The first of these is on-going staff shortages, resulting in a lack of time and internal resources.
For travelers, staff shortages can spell travel delays and a reduction in services, from restaurant reservations to the elimination of fewer daily housekeeping services. This is particularly problematic if holding on to a higher ADR. Consumers are willing to pay more, but you will need to be able to offer an experience that fully qualifies your price. Striking this balance could be key to your recovery.
Staying on top of market knowledge and insights
As an industry we’re now acutely aware of the speed at which situations can change, and have changed over the last two years. Those who’ve been able to keep a constant pulse on developments and react swiftly have come out on top, and we don’t expect that to change.

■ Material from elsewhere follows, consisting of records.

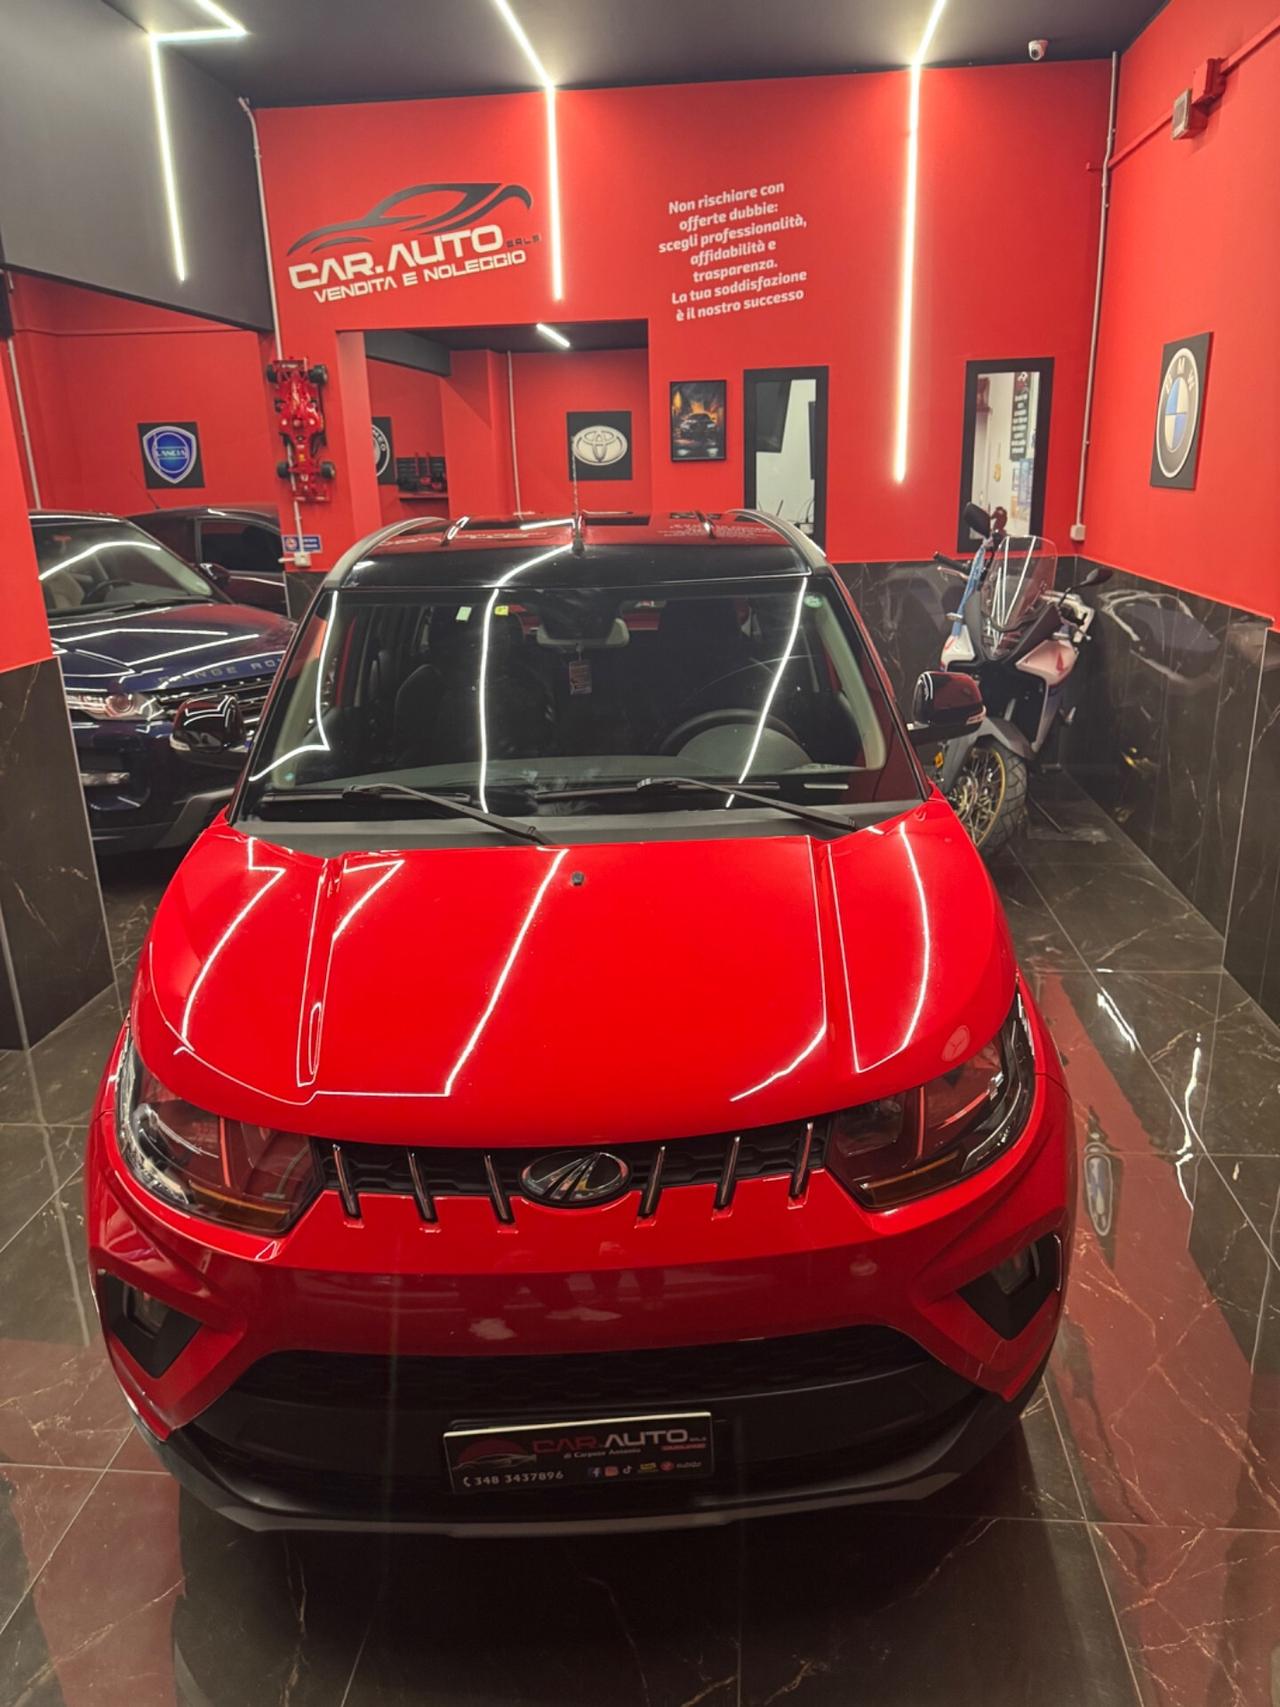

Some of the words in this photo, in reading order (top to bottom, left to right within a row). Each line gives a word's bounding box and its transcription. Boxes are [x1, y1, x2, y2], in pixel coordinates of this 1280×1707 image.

[669, 200, 695, 214] Non
[698, 187, 757, 208] rischiare
[760, 182, 784, 196] con
[679, 213, 726, 232] offerte
[729, 202, 778, 220] dubbie:
[659, 234, 698, 253] scegli
[701, 214, 807, 248] professionalità,
[288, 224, 504, 289] CAR.AUTO
[690, 240, 765, 267] affidabilità
[768, 240, 776, 250] e
[314, 275, 397, 303] VENDITA
[402, 272, 418, 287] E
[423, 249, 527, 282] NOLEGGIO
[672, 292, 687, 304] La
[689, 288, 712, 302] tua
[714, 270, 807, 297] soddisfazione
[693, 259, 778, 283] trasparenza.
[676, 309, 684, 321] è
[687, 307, 695, 320] il
[698, 301, 741, 317] nostro
[744, 289, 804, 309] successo
[1165, 357, 1196, 394] BMW
[474, 1475, 500, 1486] 348
[504, 1470, 564, 1483] 3437896

While the signs of recovery are very strong, a recent report from UNWTO makes it clear that we’re not out of the woods yet, so remaining forward-looking and conscious of the changes in your market is still essential. This could be the case well into 2024, according to the World Tourism Organization.
A recent quote from Michael Grove, chief operating officer of HotStats, summed the situation up perfectly:
“New revenue opportunities are rearing their heads as things stand,” Grove said. “Looking back at 2019 is not the way forward. Keeping an eye on how things are progressing and utilizing the tools we have available in the market to be able to monitor how things are changing on a monthly basis is vital. Otherwise, you’re driving in the dark. We really need to keep focus on the current situation and stop looking backwards.”

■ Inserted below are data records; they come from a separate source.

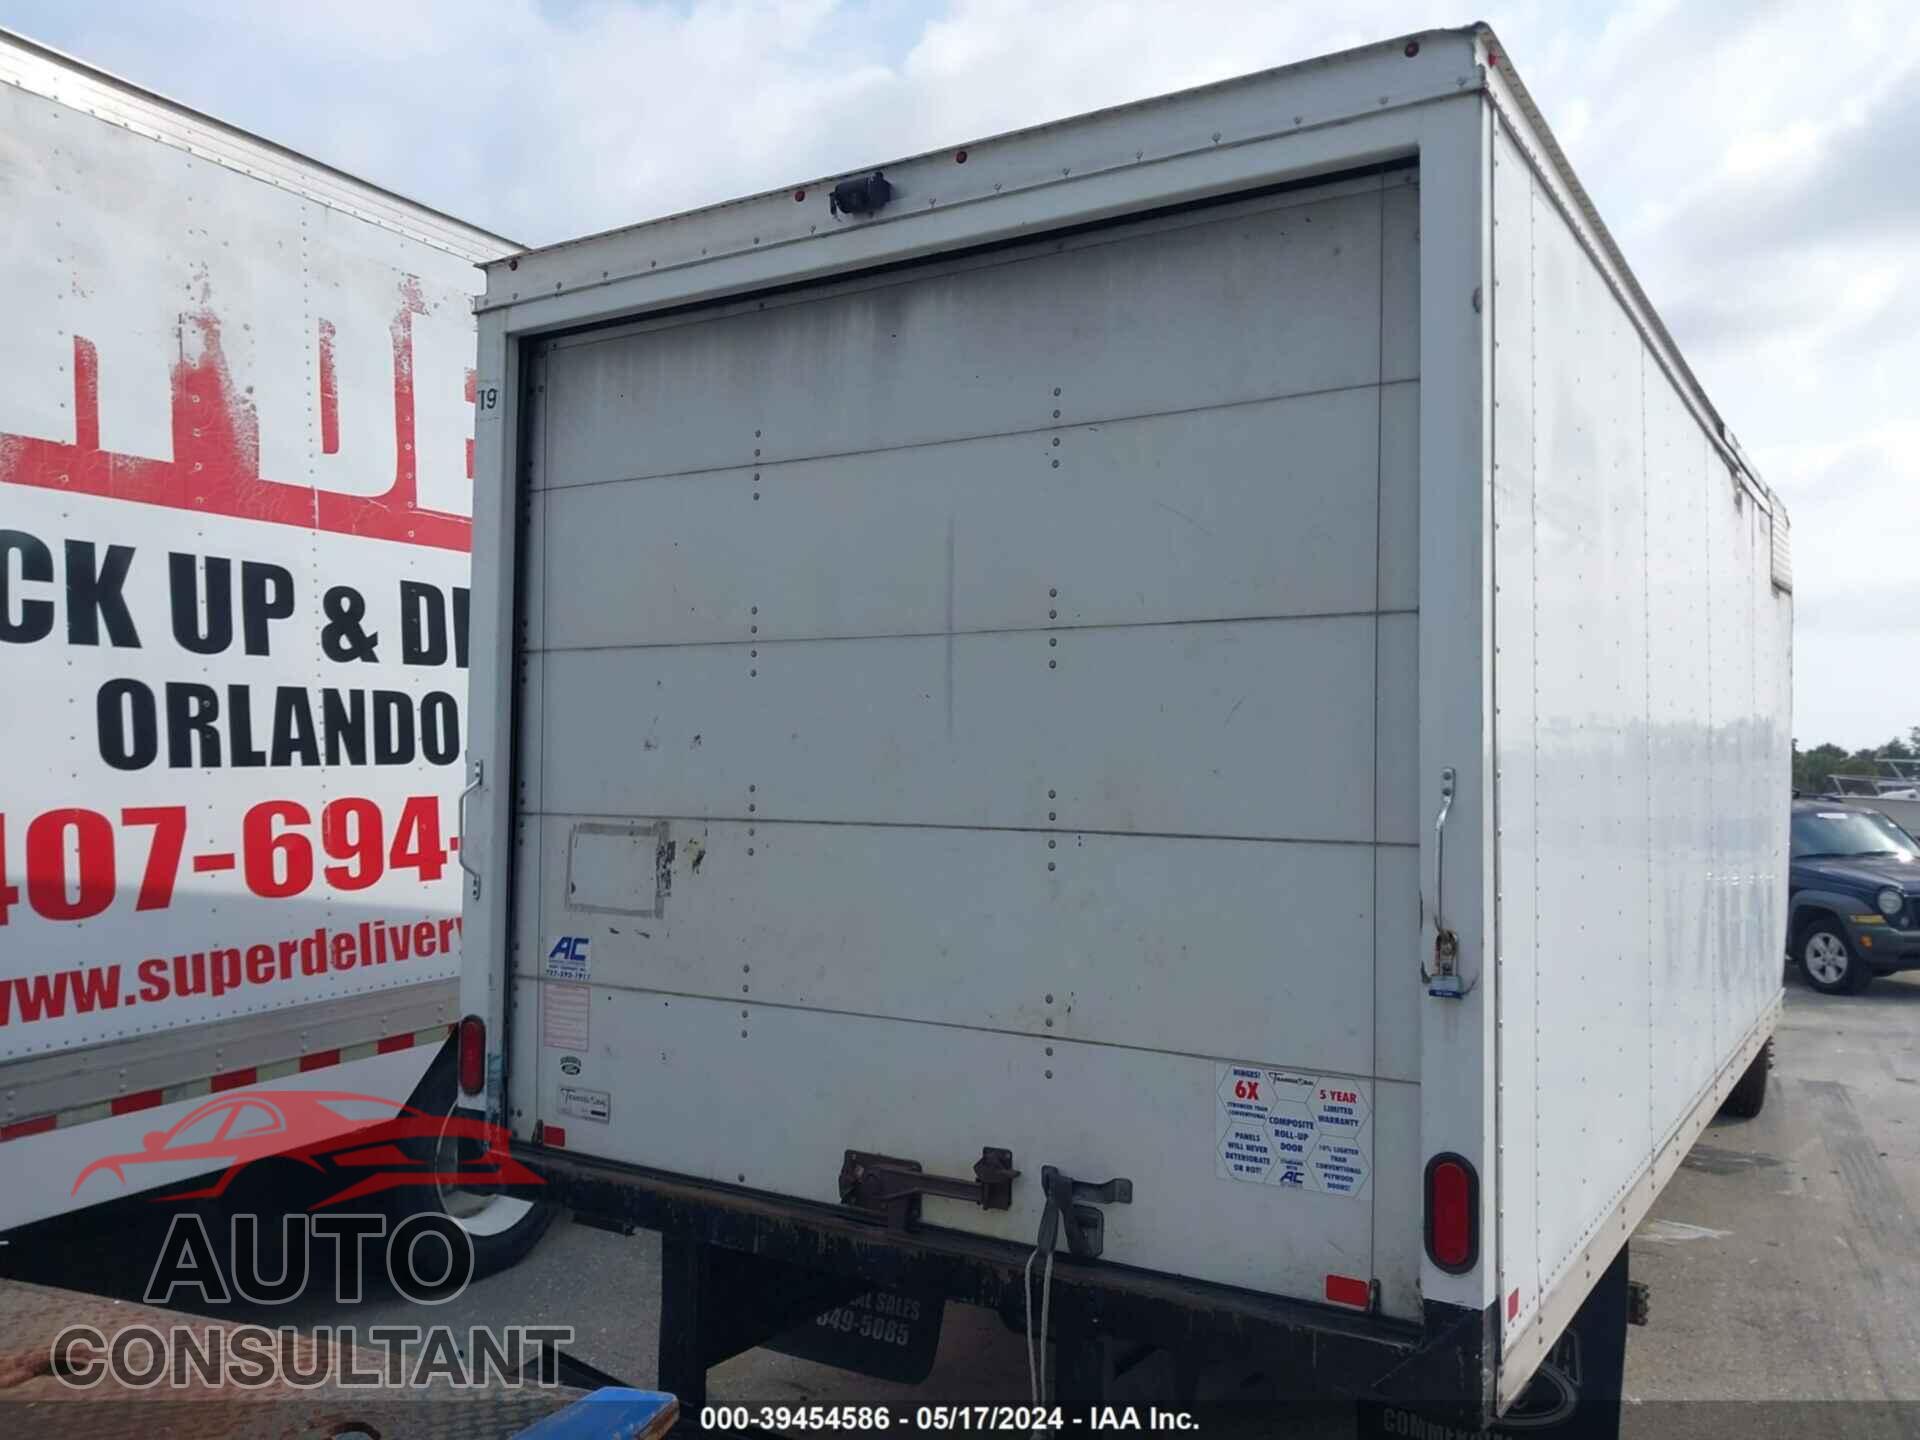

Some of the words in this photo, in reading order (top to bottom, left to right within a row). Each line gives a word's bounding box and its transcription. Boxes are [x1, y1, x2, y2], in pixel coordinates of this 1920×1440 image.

[168, 552, 295, 656] UP
[321, 585, 380, 663] &
[97, 678, 460, 770] ORLANDO
[549, 936, 589, 961] AC
[1235, 1080, 1260, 1101] 6X
[1320, 1089, 1327, 1100] 5
[1330, 1090, 1357, 1104] YEAR
[1269, 1116, 1315, 1130] COMPOSITE
[1318, 1114, 1359, 1127] WARRANTY
[1235, 1131, 1260, 1142] PANELS
[1274, 1129, 1309, 1142] ROLL-UP
[1280, 1142, 1303, 1153] DOOR

“Demand is coming back, rates are at record highs, capital is going back to the industry. Yes, Covid may have ended the golden age of travel, but the diamond age is just beginning.”
While a recovery is on the cards, on some level hoteliers must resolve to live with unpredictability for a little while more. Understanding your customers and responding to their changing needs is the key but requires time, great data and creativity.